Uptime monitoring for gaming services

Practical monitoring workflows for gaming infrastructure teams.

Uptime monitoring for gaming services with HTTP, ping, TCP, content, SSL certificate, and heartbeat checks, alerts, and public status pages in one Sandglass workspace.

What this team needs to watch

Players notice latency and matchmaking failures instantly and complain loudly. The signal is whether login, matchmaking, and session services respond fast enough across regions, because a slow region feels like an outage to the players in it.

  • Login and matchmaking are the first things players feel.
  • TCP checks cover the real-time ports HTTP cannot.
  • Regional grouping prevents one bad region averaging out.

How Sandglass covers it

Use HTTP checks on login and matchmaking endpoints, TCP checks on the real-time game server ports, and content checks on the services that return player or session data. Group by region so a single-region problem is obvious at a glance.

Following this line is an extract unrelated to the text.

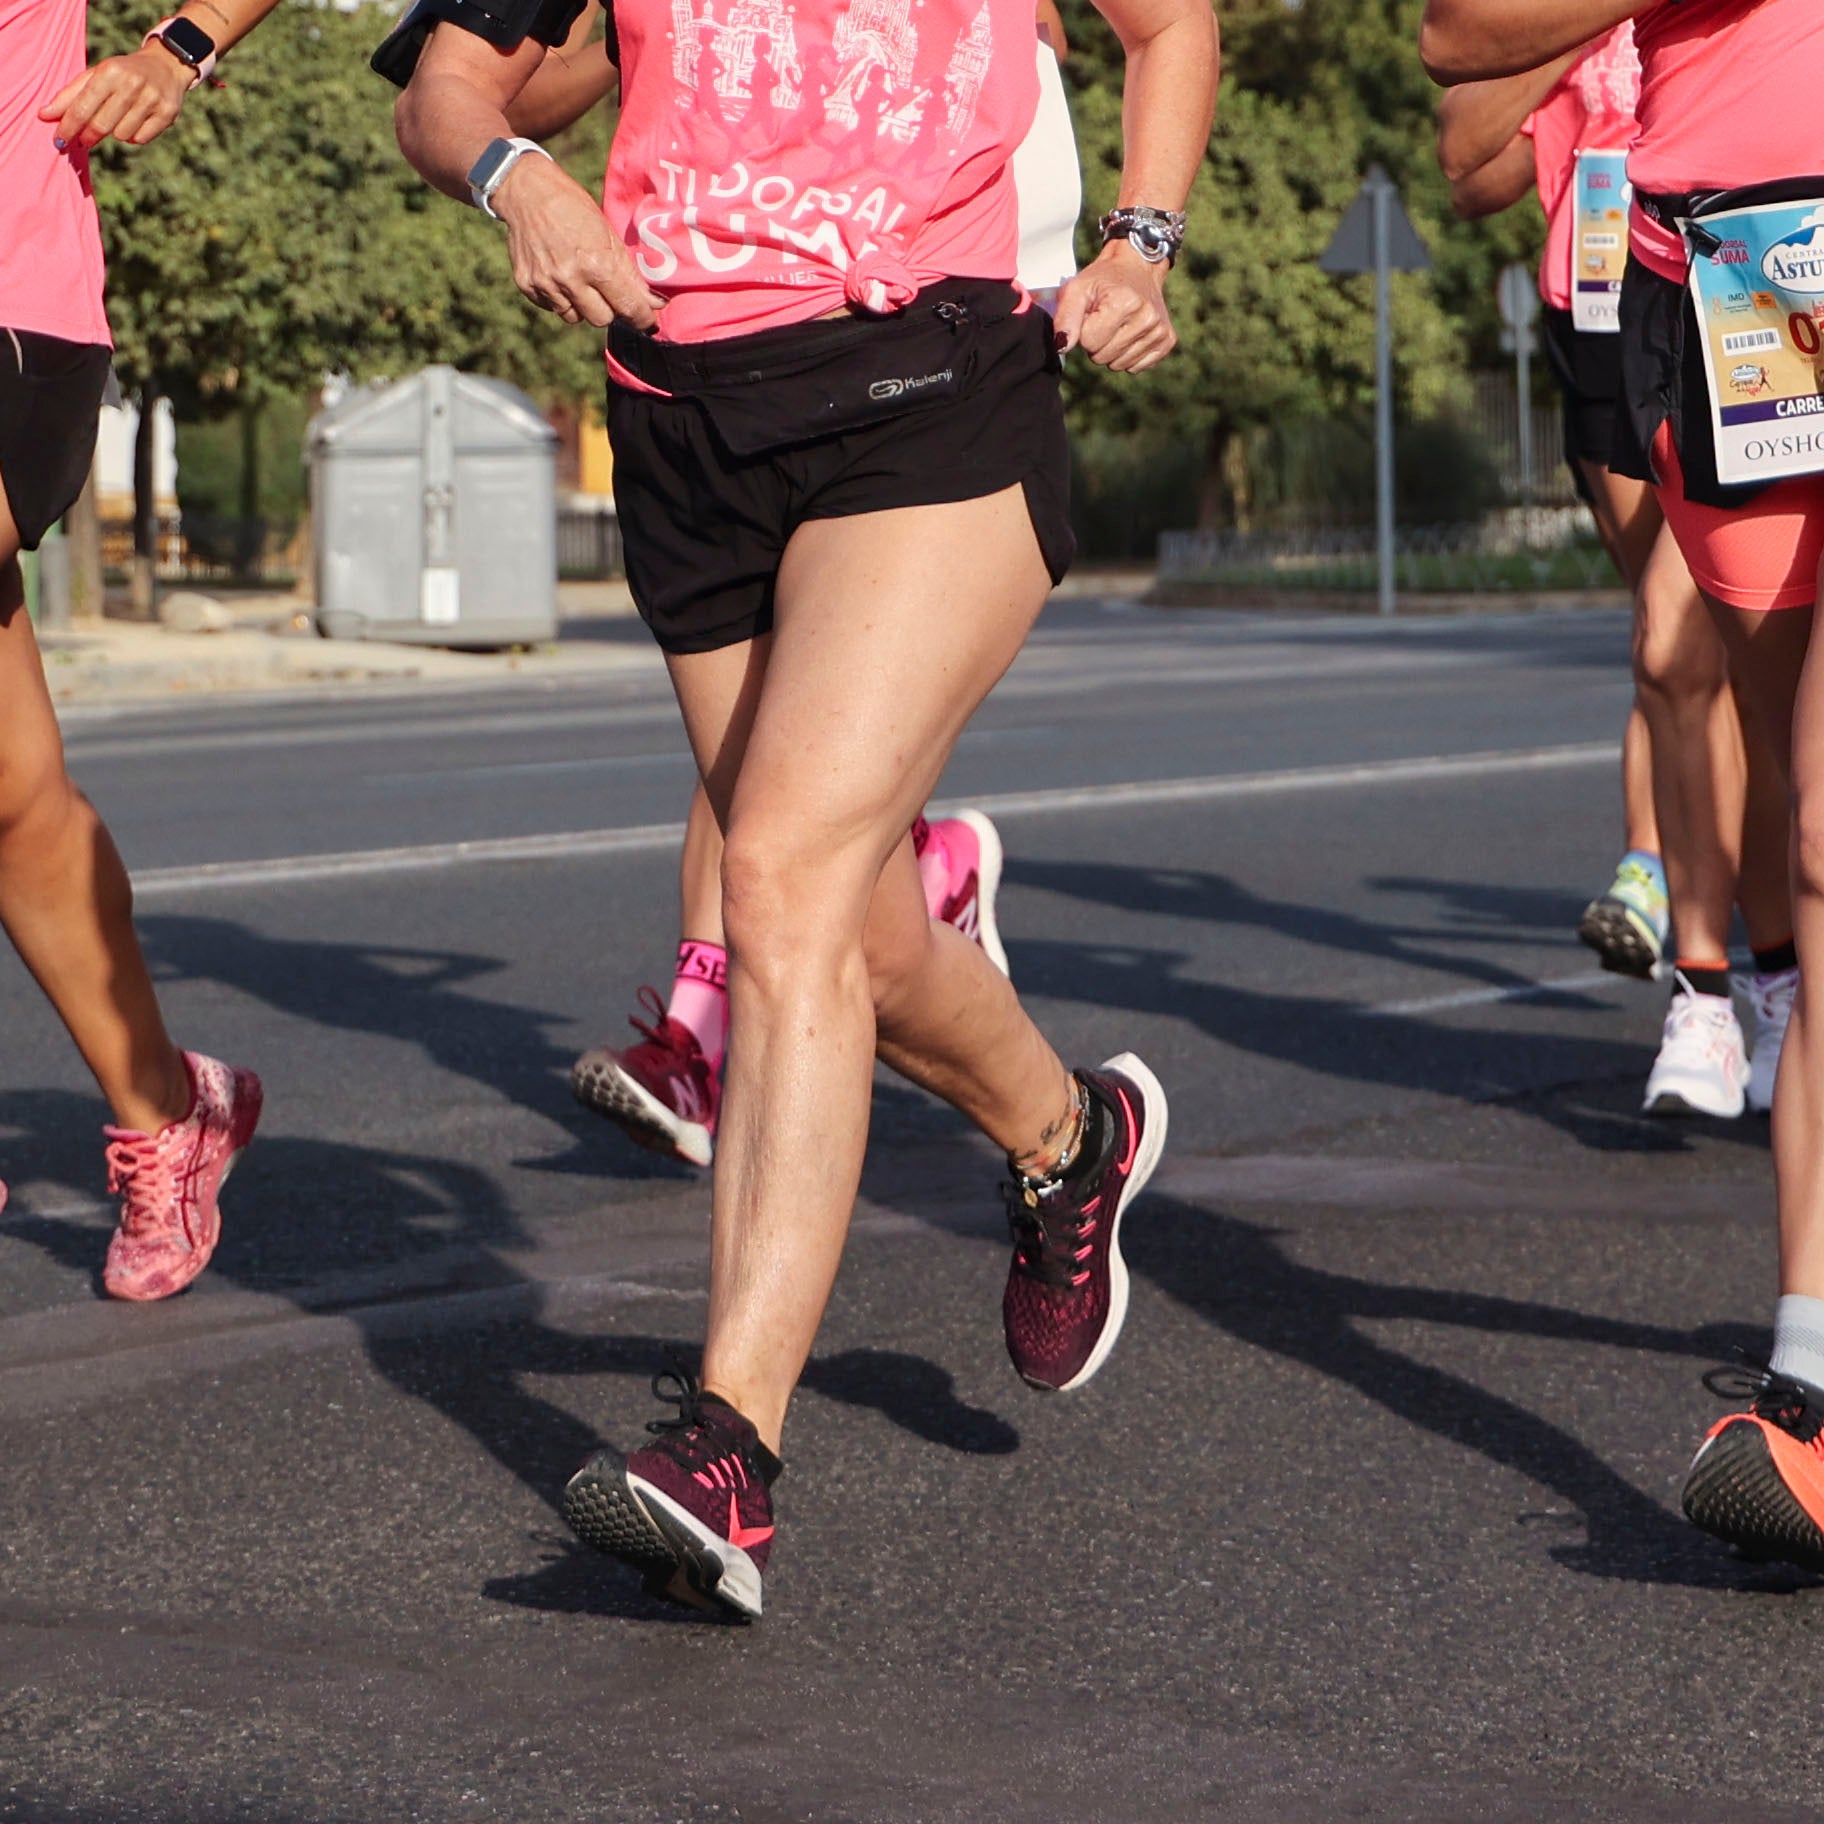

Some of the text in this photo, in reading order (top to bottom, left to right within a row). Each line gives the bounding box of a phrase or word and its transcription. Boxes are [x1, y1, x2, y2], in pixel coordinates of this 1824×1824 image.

  • Group checks by service, environment, or client so production alerts stay separate from staging noise.
  • Combine HTTP, ping, TCP, content, and SSL certificate checks to match each failure mode you care about.
  • Add heartbeat checks for scheduled jobs that no customer watches directly but everyone depends on.

Where teams get it wrong

A globally green dashboard can still hide a dead region. Without regional grouping, one struggling location averages out and the players there get no acknowledgement.

Implementation checklist

Step 1: Map the customer-facing surfaces

List the endpoints, jobs, and components where an outage would reach the people you serve. Keep the first pass to production.

Step 2: Pick one check per failure mode

Use HTTP or content checks for web surfaces, TCP for raw ports, SSL certificate checks for HTTPS expiry, and heartbeats for scheduled work.

Step 3: Separate environments with groups

Put production, staging, and per-client checks in their own groups so routing and noise stay under control.

Step 4: Tune after the first week

Adjust intervals and retry counts once real data shows which alerts were signal and which were noise.